What the task requires ▸
Which lines run from the one with "Some of the text" through the end of the data? Retype them exactly, without pictures.
(Records shown)
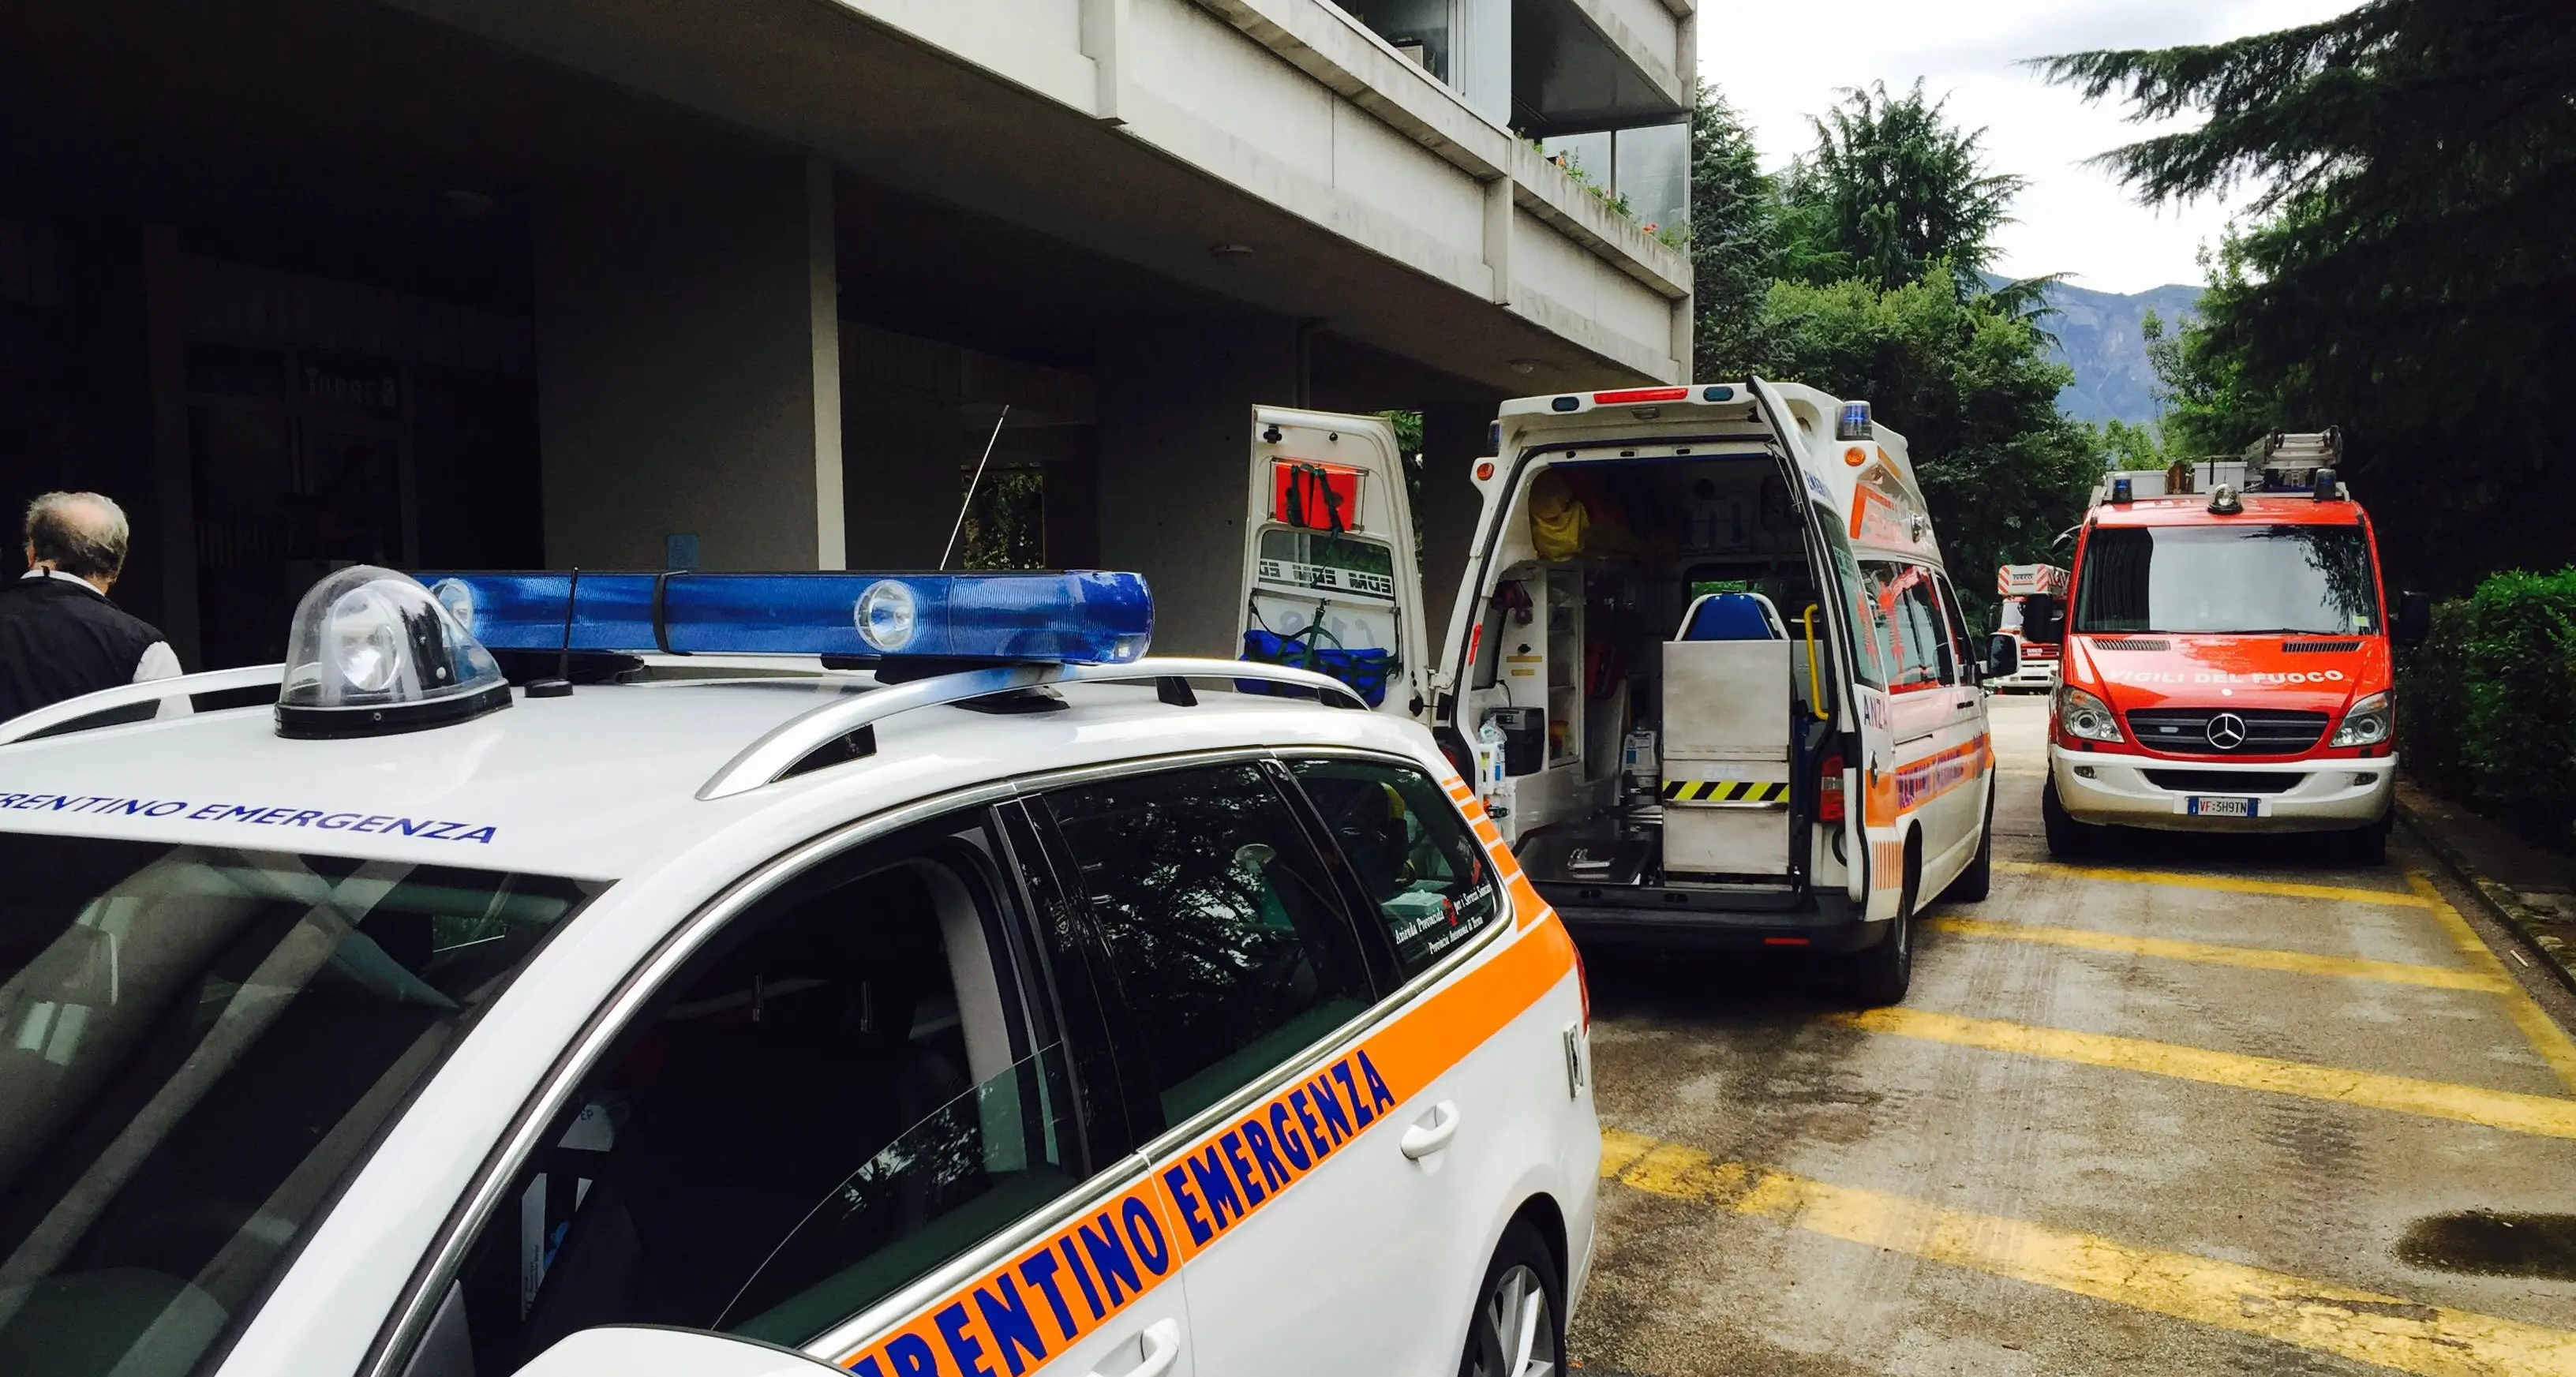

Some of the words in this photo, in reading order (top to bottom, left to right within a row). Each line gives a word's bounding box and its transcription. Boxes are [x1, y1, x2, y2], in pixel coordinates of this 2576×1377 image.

[2109, 669, 2185, 683] VIGILI
[2194, 672, 2245, 683] DEL
[2252, 669, 2344, 684] FUOCO
[0, 793, 188, 816] RENTINO
[185, 804, 498, 844] EMERGENZA
[1163, 1049, 1395, 1248] EMERGENZA
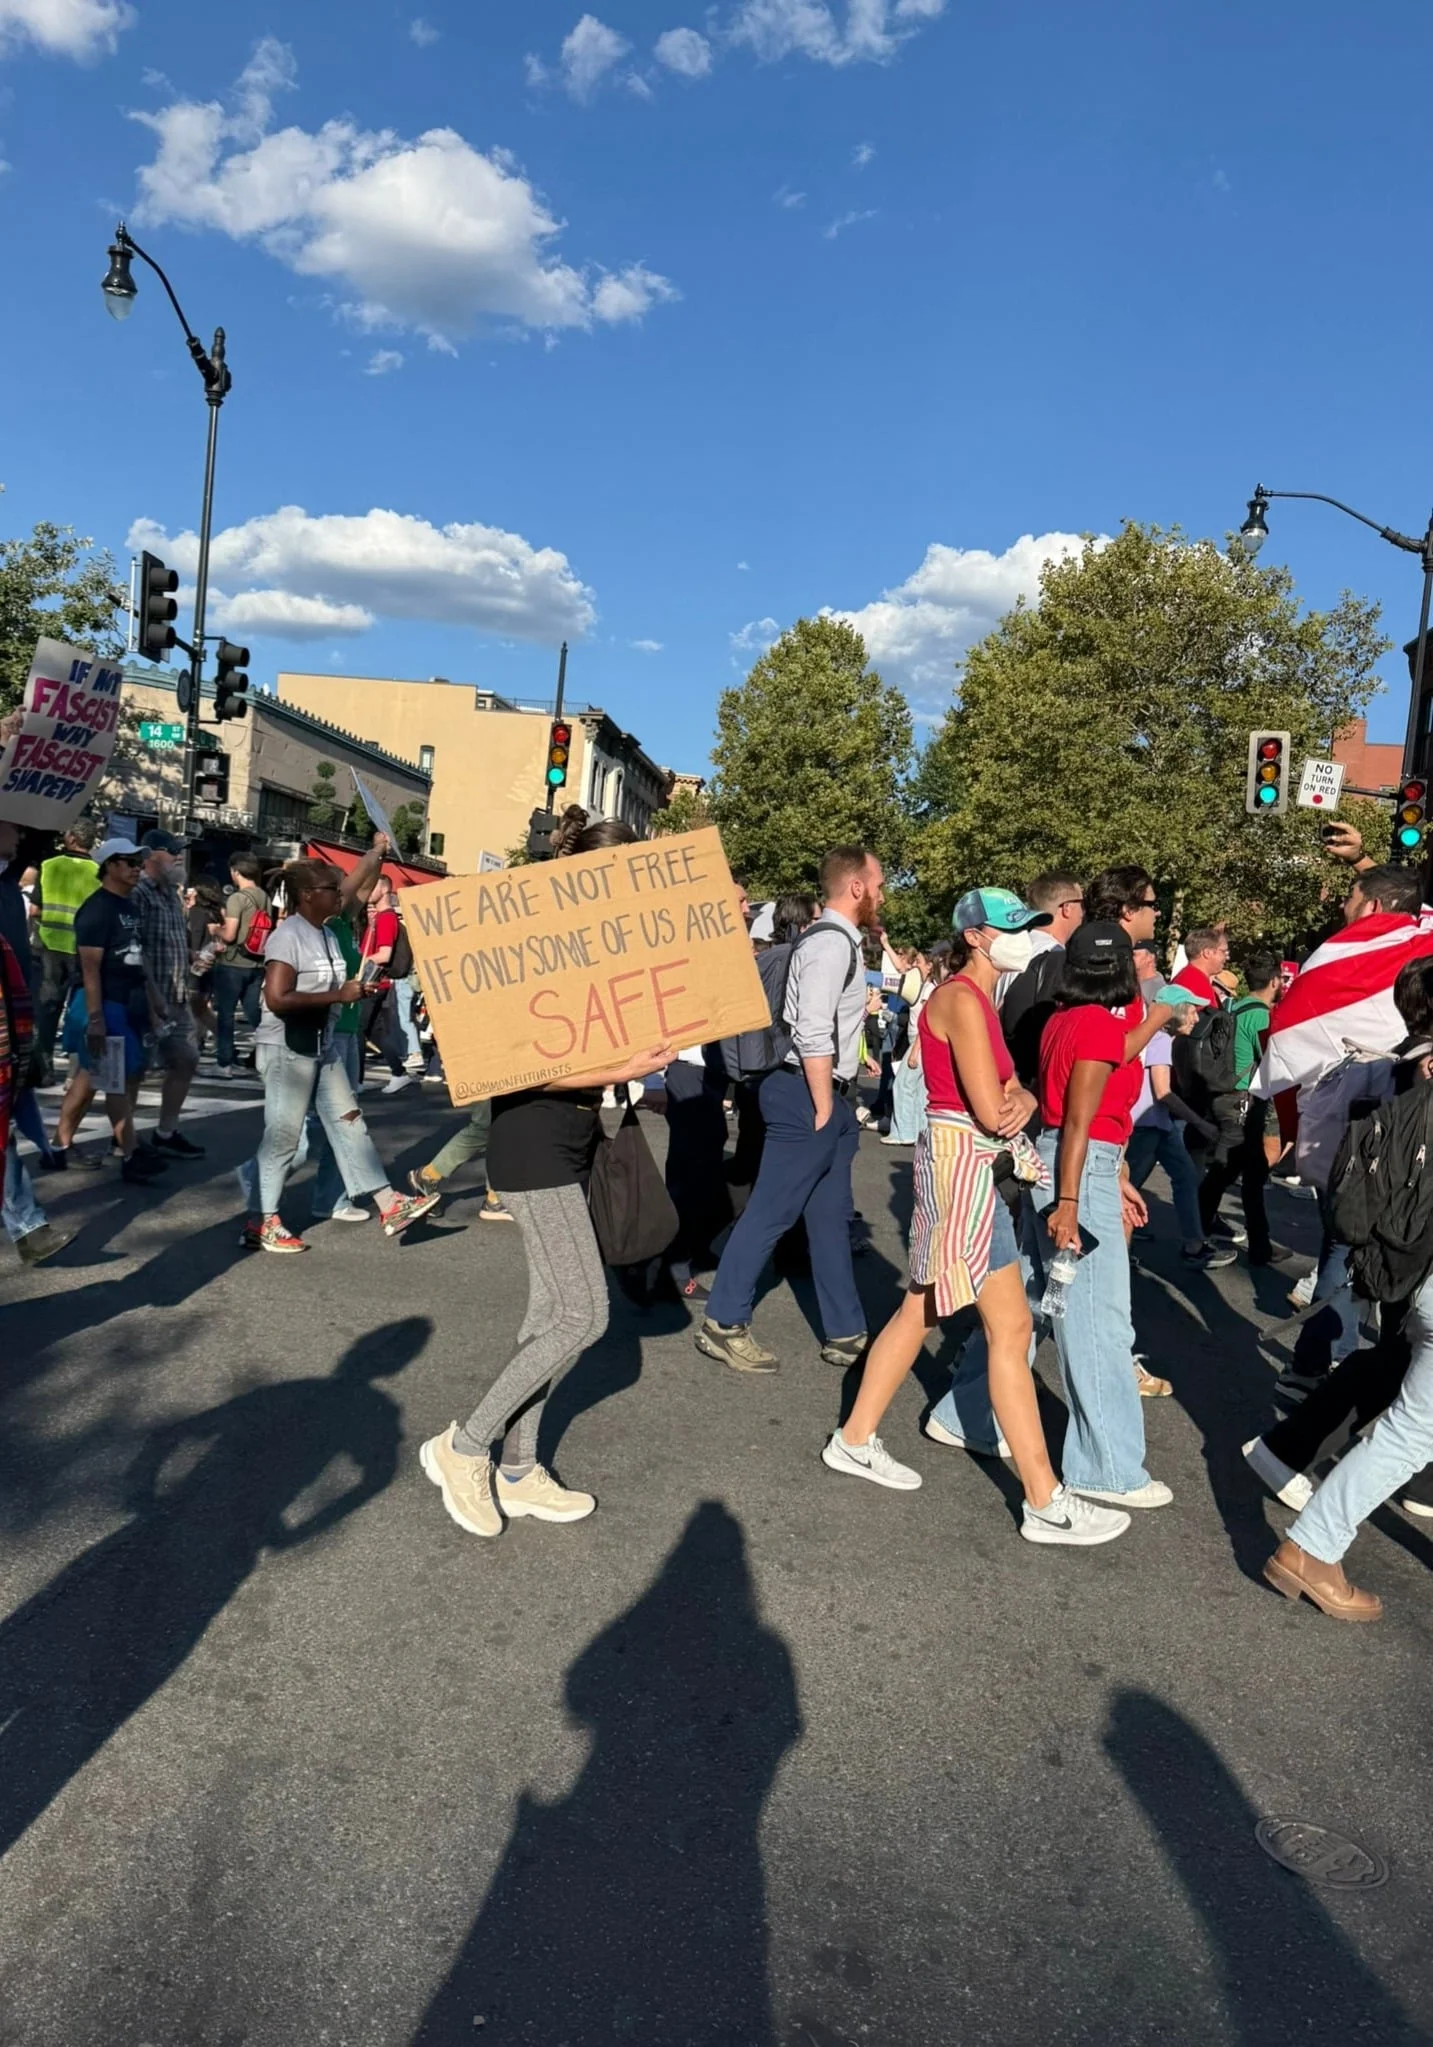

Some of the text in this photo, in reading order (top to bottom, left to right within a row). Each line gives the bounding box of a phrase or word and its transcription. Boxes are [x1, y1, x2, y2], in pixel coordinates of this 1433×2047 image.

[69, 659, 123, 696] IF NOT
[31, 677, 119, 733] FASCIST
[52, 722, 98, 748] WHY
[148, 725, 163, 737] 14
[148, 740, 175, 749] 1600
[10, 735, 107, 782] FASCIST
[1315, 763, 1333, 775] NO
[2, 768, 86, 803] SHAPED?
[1303, 783, 1337, 795] ON RED
[1311, 774, 1334, 785] TURN
[411, 845, 708, 937] WE ARE NOT FREE
[423, 899, 737, 1004] IF ONLY SOME OF US ARE
[528, 958, 709, 1060] SAFE
[455, 1063, 572, 1100] @COMMONFUTURISTS
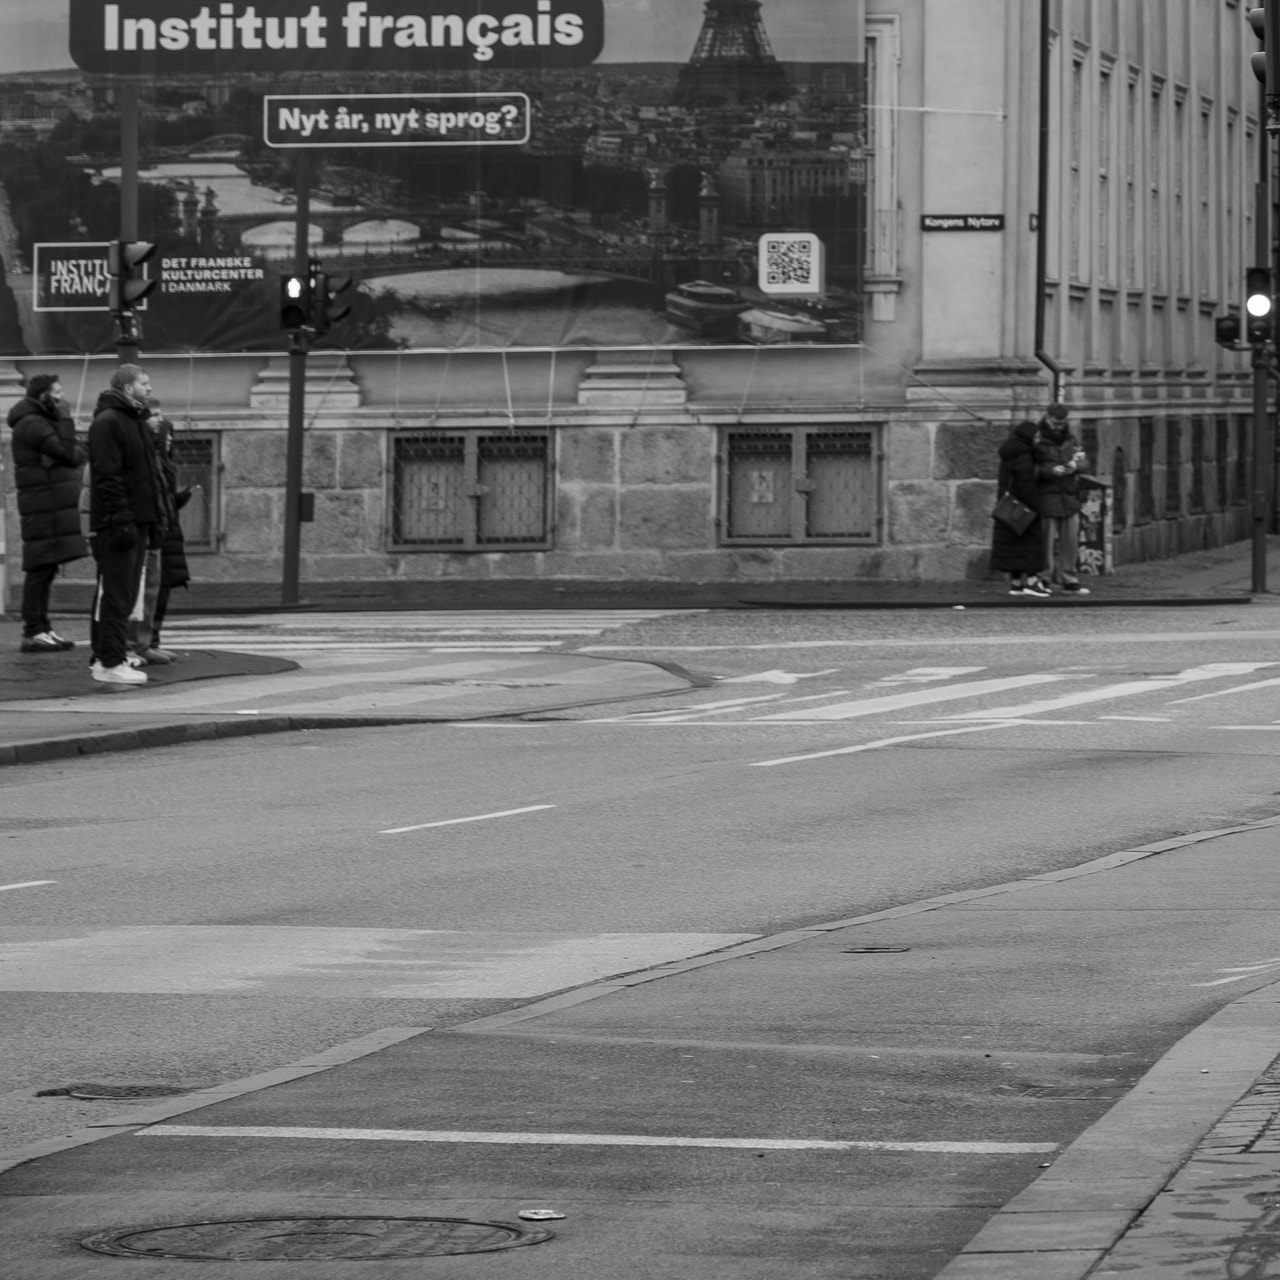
(End Records shown)
Your solution ▸
Some of the text in this photo, in reading order (top to bottom, left to right within a row). Each line gives the bounding box of a phrase or word and its transcription. Boxes are [x1, y1, x2, y2], in pixel coordinates of this 1433×2047 image.

[69, 659, 123, 696] IF NOT
[31, 677, 119, 733] FASCIST
[52, 722, 98, 748] WHY
[148, 725, 163, 737] 14
[148, 740, 175, 749] 1600
[10, 735, 107, 782] FASCIST
[1315, 763, 1333, 775] NO
[2, 768, 86, 803] SHAPED?
[1303, 783, 1337, 795] ON RED
[1311, 774, 1334, 785] TURN
[411, 845, 708, 937] WE ARE NOT FREE
[423, 899, 737, 1004] IF ONLY SOME OF US ARE
[528, 958, 709, 1060] SAFE
[455, 1063, 572, 1100] @COMMONFUTURISTS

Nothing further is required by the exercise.